A driver’s license is the most common form of ID that people bring, but they will also accept a state-issued photo ID card. 

You can also bring a valid passport or a military ID. Some facilities will accept an employment ID card with a photo plus a recent pay stub. For non-citizens, they accept a resident alien or permanent resident card issued by the United States Department of Justice. 

What can you bring with you to a jail visit?

In my experience, the jail visits were non-contact. Since my visitor and I were separated by thick glass and had to talk via a telephone, they didn’t have restrictions on what you could bring with you. However, they do recommend that you keep everything you don’t need in your vehicle.

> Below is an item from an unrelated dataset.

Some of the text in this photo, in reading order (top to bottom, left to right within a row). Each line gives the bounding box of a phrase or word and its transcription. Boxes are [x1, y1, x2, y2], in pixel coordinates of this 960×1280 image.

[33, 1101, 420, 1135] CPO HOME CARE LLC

Your car keys and photo ID is really all you need, as most jail visits only last about an hour. If the visit is contact, you can bring change for the vending machines. If the visit is non-contact, there’s no need to bring money because you can’t buy snacks during the visit. 

However, some jails allow you to put money on your inmate’s books with a check or cash when you visit. Some jails do have a kiosk in the lobby where you can add money to your inmate’s books with a credit or debit card.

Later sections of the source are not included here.